-- TO DO --
Please report every line in the entries that contains the string "ARGENTINAS".
··· INFORMATION GIVEN
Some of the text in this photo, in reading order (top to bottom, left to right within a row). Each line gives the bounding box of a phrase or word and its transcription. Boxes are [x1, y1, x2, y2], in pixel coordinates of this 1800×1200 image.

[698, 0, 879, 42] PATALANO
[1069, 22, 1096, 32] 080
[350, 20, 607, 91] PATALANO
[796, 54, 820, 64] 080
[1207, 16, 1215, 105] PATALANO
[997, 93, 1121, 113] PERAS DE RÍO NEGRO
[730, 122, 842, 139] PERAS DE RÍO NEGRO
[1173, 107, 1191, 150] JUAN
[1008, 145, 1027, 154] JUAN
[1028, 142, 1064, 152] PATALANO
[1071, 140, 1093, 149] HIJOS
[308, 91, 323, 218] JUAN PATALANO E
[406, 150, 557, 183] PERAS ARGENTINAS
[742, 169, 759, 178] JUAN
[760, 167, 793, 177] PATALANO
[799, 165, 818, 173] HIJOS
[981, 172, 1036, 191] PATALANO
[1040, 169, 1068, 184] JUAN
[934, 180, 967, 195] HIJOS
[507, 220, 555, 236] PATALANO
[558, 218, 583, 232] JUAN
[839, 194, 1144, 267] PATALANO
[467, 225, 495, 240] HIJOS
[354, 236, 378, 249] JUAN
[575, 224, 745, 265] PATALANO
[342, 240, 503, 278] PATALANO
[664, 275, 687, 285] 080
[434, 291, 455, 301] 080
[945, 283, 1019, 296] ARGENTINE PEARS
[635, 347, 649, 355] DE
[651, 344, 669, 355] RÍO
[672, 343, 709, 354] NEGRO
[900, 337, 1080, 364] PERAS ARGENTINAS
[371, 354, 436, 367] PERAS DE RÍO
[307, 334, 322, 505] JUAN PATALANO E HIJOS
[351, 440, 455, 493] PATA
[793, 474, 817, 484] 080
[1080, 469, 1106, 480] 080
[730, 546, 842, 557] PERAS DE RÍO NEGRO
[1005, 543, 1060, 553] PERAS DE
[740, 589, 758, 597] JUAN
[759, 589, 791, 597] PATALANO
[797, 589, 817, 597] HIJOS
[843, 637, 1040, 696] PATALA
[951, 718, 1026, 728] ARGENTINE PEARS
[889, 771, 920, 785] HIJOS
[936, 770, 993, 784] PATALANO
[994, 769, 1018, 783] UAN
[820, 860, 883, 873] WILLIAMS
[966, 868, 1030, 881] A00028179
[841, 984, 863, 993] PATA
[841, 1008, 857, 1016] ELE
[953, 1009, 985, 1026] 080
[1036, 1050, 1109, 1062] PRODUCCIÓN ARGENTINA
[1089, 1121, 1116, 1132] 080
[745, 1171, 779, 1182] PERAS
······
-- ANSWER SECTION --
[406, 150, 557, 183] PERAS ARGENTINAS
[900, 337, 1080, 364] PERAS ARGENTINAS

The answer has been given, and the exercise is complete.